Here’s the general synopsis. An elderly couple lives and works in the Arctic (Canada, Greenland, Norway or perhaps Russia) running a factory of little people that make toys for hundreds of millions of kids. These toys are then personally shipped and hand-delivered by the boss himself and his flying herd of reindeer (one has a red nose which acts as a headlight). After you and your family have purposely put yourselves to bed in order to avoid any hostile confrontation with the factory manager, he squeezes his obese body down your chimney (with or without a fire burning at the bottom), eats your junk food, drinks the milk of a cow, and proceeds to present you with either coloured plastic things in the form of other things (trucks, guitars, a castle, etc.) or, if you’ve had a bad year, a single piece of coal (likely from the train tracks behind your house). These gifts are then typically placed underneath a seven foot dead (but still looks alive) coniferous tree decorated with glass balls. Oh yeah, and all this coincides with the birthday of a Jewish carpenter from Bethlehem (now the West Bank of Palestine) who has a major world religion named after him and based on his life.
The month of December differs greatly to kids in Iceland. The Yule Lads (otherwise known as the 13 Santas or the Yulemen) are a family that live in the northern volcanic region of the country called Dimmuborgir. It’s a barren zone, a few kilometres off the Ring Road (the national highway which circles all of Iceland). Starting on December 12 (13 days before Christmas) one Yule Lad each day will re-emerge from their cave and descend down the mountains to visit Icelandic families throughout the country. Each Yule Lad stays for 13 days, thus the first Yule Lad will remain from December 12 until Christmas Day while the thirteenth Yule Lad will arrive on Christmas Eve and stay until January 6th. On the first day of their arrival, each one comes bearing a gift or a raw, sometimes rotting, potato (again, depending on how good you’ve been) which they put in the shoe of the child.
Each Santa has a completely different personality from the other. Their names are taken from the actions they have been known to partake in. The 13 Yule Lads are: Sheep-Cot Clod, Gully Gawk, Shorty, Ladle Licker, Pot Scraper, Bowl Licker, Door Slammer, Skyr Gobbler, Sausage Swiper, Window Peeper, Door Sniffer, Meat Hook, and Candle Beggar. For example, Door Slammer is known to slam doors in the night while people are sleeping, Skyr Gobbler steals Skyr (an Icelandic dairy product similar to yogurt), while Window Peeper stares at you from outside your window. All are fairly self-explanatory I’d say. Kids blame weird events and occurrences (food going missing, doors slamming, faces in the window) on the specific Yule Lad known to be responsible for something similar to what happened. They’re not always nice to Icelanders, and many are fearful that the Yule Lads might play tricks on them, cause problems, or make them look bad to their parents.

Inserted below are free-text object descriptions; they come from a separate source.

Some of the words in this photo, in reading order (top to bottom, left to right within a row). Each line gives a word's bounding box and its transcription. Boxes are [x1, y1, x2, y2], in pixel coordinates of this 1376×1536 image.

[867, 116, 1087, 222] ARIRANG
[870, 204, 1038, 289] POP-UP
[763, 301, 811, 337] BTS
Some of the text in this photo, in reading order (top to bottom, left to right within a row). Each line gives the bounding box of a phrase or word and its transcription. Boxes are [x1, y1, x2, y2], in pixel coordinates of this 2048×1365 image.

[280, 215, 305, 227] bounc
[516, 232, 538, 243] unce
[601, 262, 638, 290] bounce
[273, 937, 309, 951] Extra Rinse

Worse than the 13 Santas are the three additional members of the family: Leppaludi, Gryla, and Yuletide Cat. Not much is known about Leppaludi, other than the fact that he is the father of the 13 Yule Lads and extremely lazy, hardly ever leaving his bed. Gryla, the Child Eater and Mother of the Yule Lads, is known for hunting misbehaving children and boiling them in her cauldron. However, they are able to escape her grasp if they simply repent for their bad behaviour (seems like an easy out). Yuletide Cat also eats kids. It looks for children who don’t have new clothes and chooses them to feast on. The idea is that good kids are given new clothes for Christmas and therefore kids without new clothes must be bad; the logic is seriously flawed but then again, it is coming from the mind of a cat. Non-sequitur excused.

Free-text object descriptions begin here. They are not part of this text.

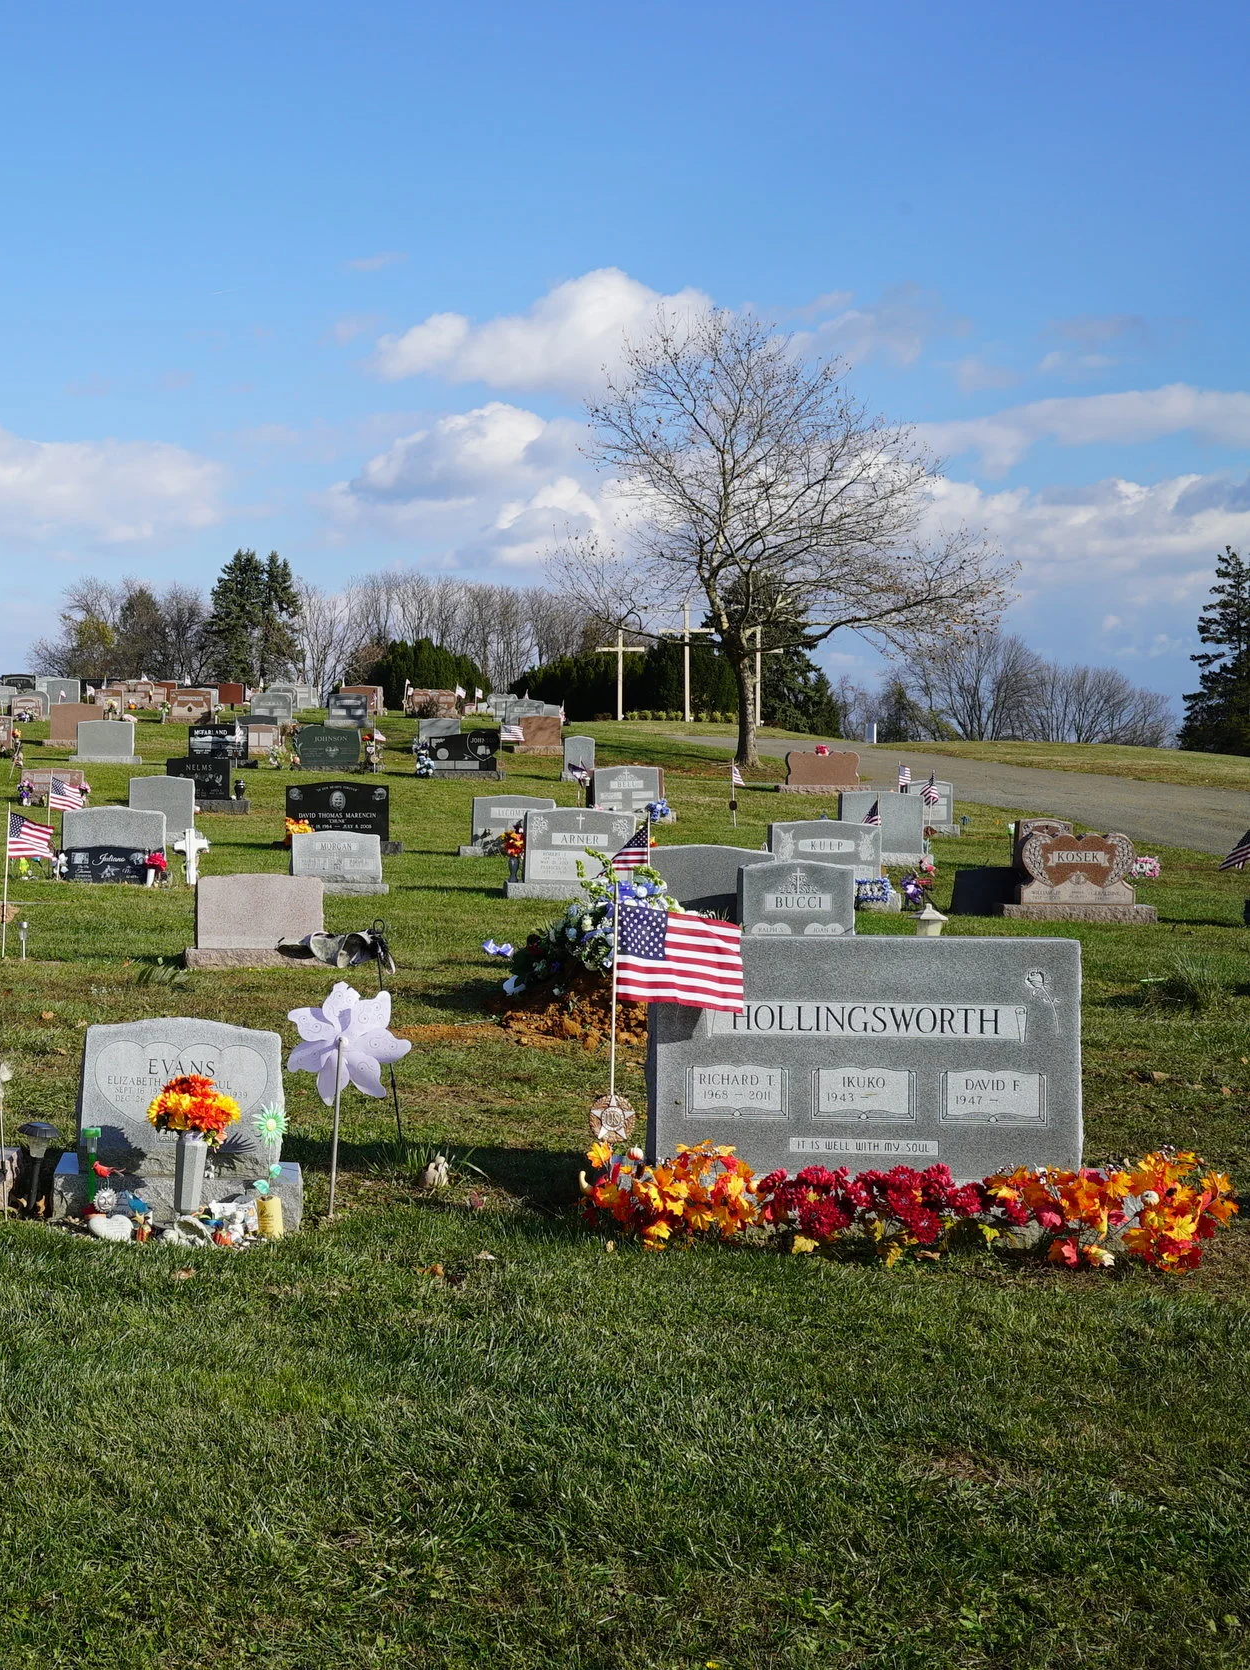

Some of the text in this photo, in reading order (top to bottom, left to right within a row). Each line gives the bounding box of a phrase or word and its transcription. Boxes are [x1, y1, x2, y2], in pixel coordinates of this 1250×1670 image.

[314, 735, 348, 743] JOHNSON
[560, 834, 599, 845] ARNER
[810, 840, 844, 851] KULP
[320, 842, 352, 851] MORGAN
[91, 852, 126, 866] Juliano
[1057, 852, 1100, 862] KOSEK
[775, 896, 822, 909] BUCCI
[731, 1004, 1000, 1035] HOLLINGSWORTH
[148, 1058, 216, 1078] EVANS
[107, 1076, 161, 1087] ELIZABETH
[211, 1080, 232, 1090] AUL
[698, 1072, 760, 1086] RICHARD
[841, 1076, 886, 1090] IKUKO
[964, 1078, 1006, 1092] DAVID
[702, 1089, 772, 1102] 1968 2011
[826, 1091, 855, 1103] 1943
[955, 1095, 983, 1106] 1947
[606, 1110, 621, 1126] US
[796, 1139, 808, 1151] IT
[810, 1139, 820, 1151] IS
[824, 1140, 850, 1152] WELL
[855, 1140, 881, 1153] WITH
[905, 1142, 930, 1154] SOUL

If you’re reading this from outside Iceland, you will be happy to know that the Yule Lads, Gryla and Yuletide Cat can’t swim and thus cannot reach the mainland of North America or Europe. Continue your Christmas as usual without worry. However, if you plan on taking advantage of the many current flight deals to Iceland make sure you see Dimmuborgir (the place, not the metal band) to experience the caves and mountains of the Yule Lads for yourself. Gleðileg jól!